So the A and B got more similar and A and C got further apart which is what we'd hope to see. This centering process also has another benefit in that easy and hard raters are put on the same basis.

## Exercise: Find the similarity between X and Y and X and Z for the following.

|User |Snarky's Potato Chips	| SoSo Smoth Lotion	|Duffly Beer	|BetterTap Water	|XXLargeLivin' Football Jersey	|Snowy Cotton Ballas	|Disposos Diapers|
|:-:|---|---|---|---|---|---|---|---|
| X| |4| | 3| | 4| |
| Y| |3.5| | 2.5| | 4| 4|
| Z| | 4| | 3.5| | 4.5| 4.5|

In [9]:
from sklearn.metrics.pairwise import cosine_similarity

# x to y with all
cosine_similarity(np.array([0,  .33,    0, -.67,   0, .33,   0,   0]).reshape(1,-1),\
                  np.array([0,    0,    0,    1,   0, .50,   0, .66]).reshape(1,-1)).reshape(1,-1),\

(array([[-0.47637492]]),)

In [10]:
# x t z with all
cosine_similarity(np.array([0,  .33,    0, -.67,   0, .33,   0,   0]).reshape(1,-1),\
                  np.array([0, -.13,    0, -.63,   0, .38,   0, .38]).reshape(1,-1)).reshape(1,-1),\

(array([[ 0.73727235]]),)

In [11]:
# x to y abridged
cosine_similarity(np.array([  .33,     -.67,    .33,      0]).reshape(1,-1),\
                  np.array([    0,        1,    .50,    .66]).reshape(1,-1)).reshape(1,-1),\

(array([[-0.47637492]]),)

In [8]:
# x t z abridged
cosine_similarity(np.array([  .33,     -.67,    .33,      0]).reshape(1,-1),\
                  np.array([ -.13,     -.63,    .38,    .38]).reshape(1,-1)).reshape(1,-1),\

(array([[ 0.73727235]]),)

## But how do we predict the rating of an item for a user?

|User |Snarky's Potato Chips	| SoSo Smoth Lotion	|Duffly Beer	|BetterTap Water	|XXLargeLivin' Football Jersey	|Snowy Cotton Ballas	|Disposos Diapers|
|:-:|---|---|---|---|---|---|---|---|
| X| |4| | 3| | 4|? |
| Y| |3.5| | 2.5| | 4| 4|
| Z| | 4| | 3.5| | 4.5| 4.5|

Next we'll find the expected rating for User X for Disposo's Diapers using the weighted results of the two closest users (we only have two here, but normally k would be selected) Y and Z.

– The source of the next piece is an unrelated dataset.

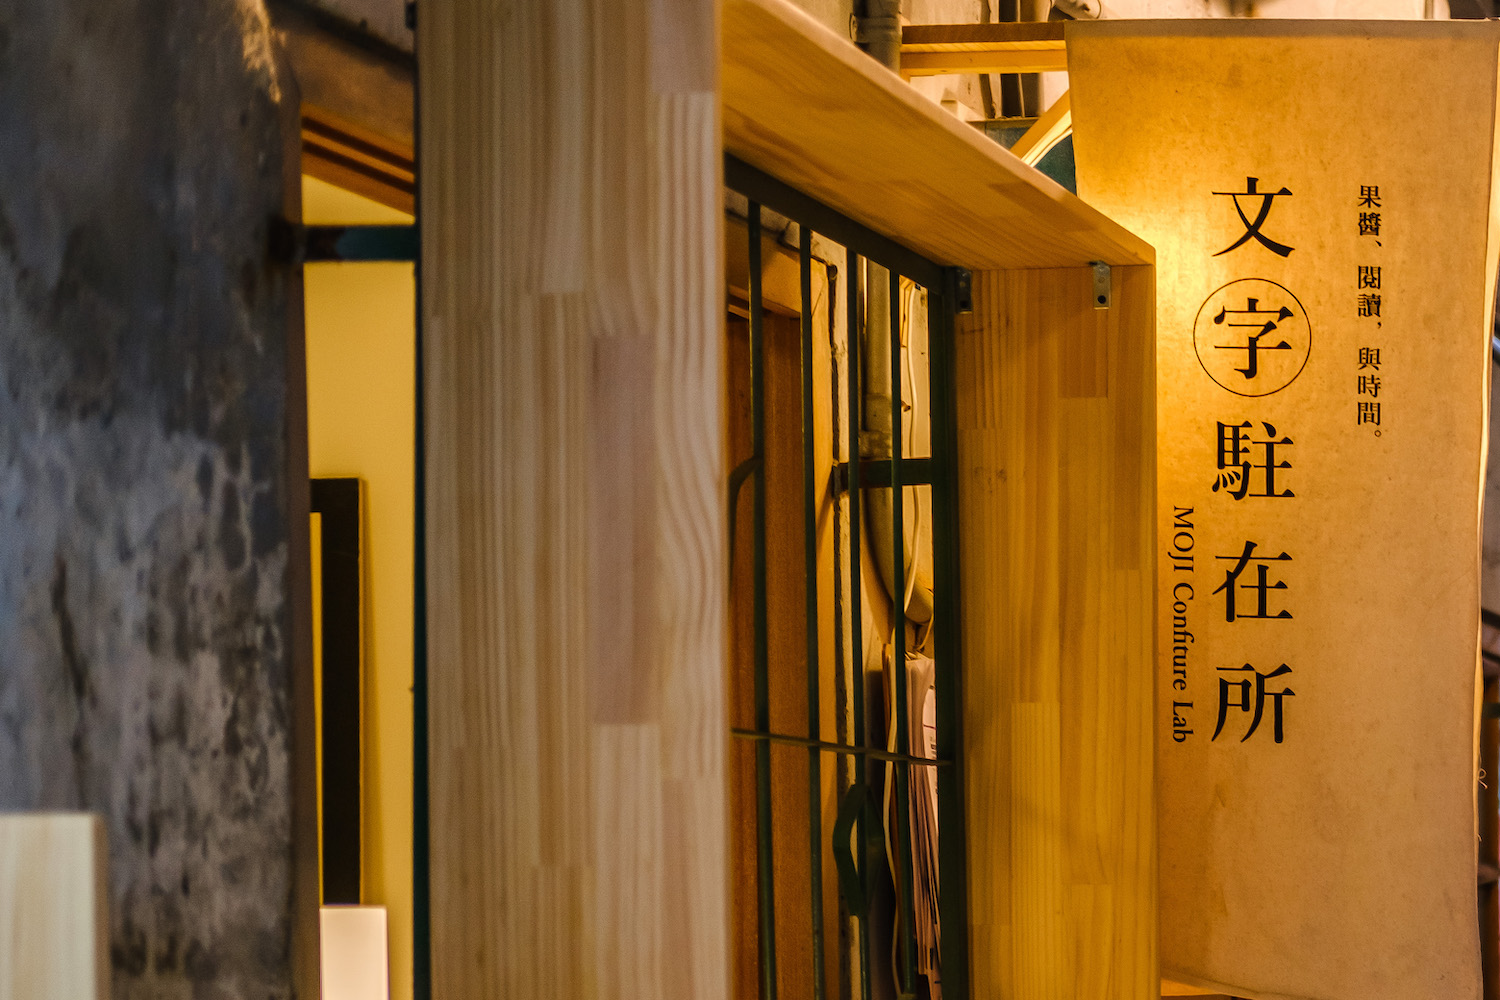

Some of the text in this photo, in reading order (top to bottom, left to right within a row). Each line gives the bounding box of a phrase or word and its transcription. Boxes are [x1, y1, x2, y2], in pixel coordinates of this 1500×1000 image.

[1168, 505, 1195, 743] MOJI Confiture Lab
[1211, 176, 1296, 744] 文字駐在所

We do this by weighing each user's similarity to X and multiplying by their rating. We then divide by the sum of their similarities to arrive at our rating.

For k of 2:<br>
** (1st closest cosine sim x their product rating + 2nd closest cosine sim x their product rating) / (sum of 1st and 2nd's cosine sims) **

(.42447212 * (4) + .46571861 * (4.5)) / (.42447212 + .46571861) = 4.26

#### Check: What might be some problems with user-to-user filtering?

- A lot of people like WestWorld
- Some of the people that like WestWorld like Norweigan death metal
- I like WestWorld
- Perhaps I just haven't given Norwegian death metal the chance it deserves

In practice, there is a type of collaborative filtering that performs much better than user-to-user filtering: item-to-item filtering.

## Item-to-item filtering

Let's take a look at an example ratings table.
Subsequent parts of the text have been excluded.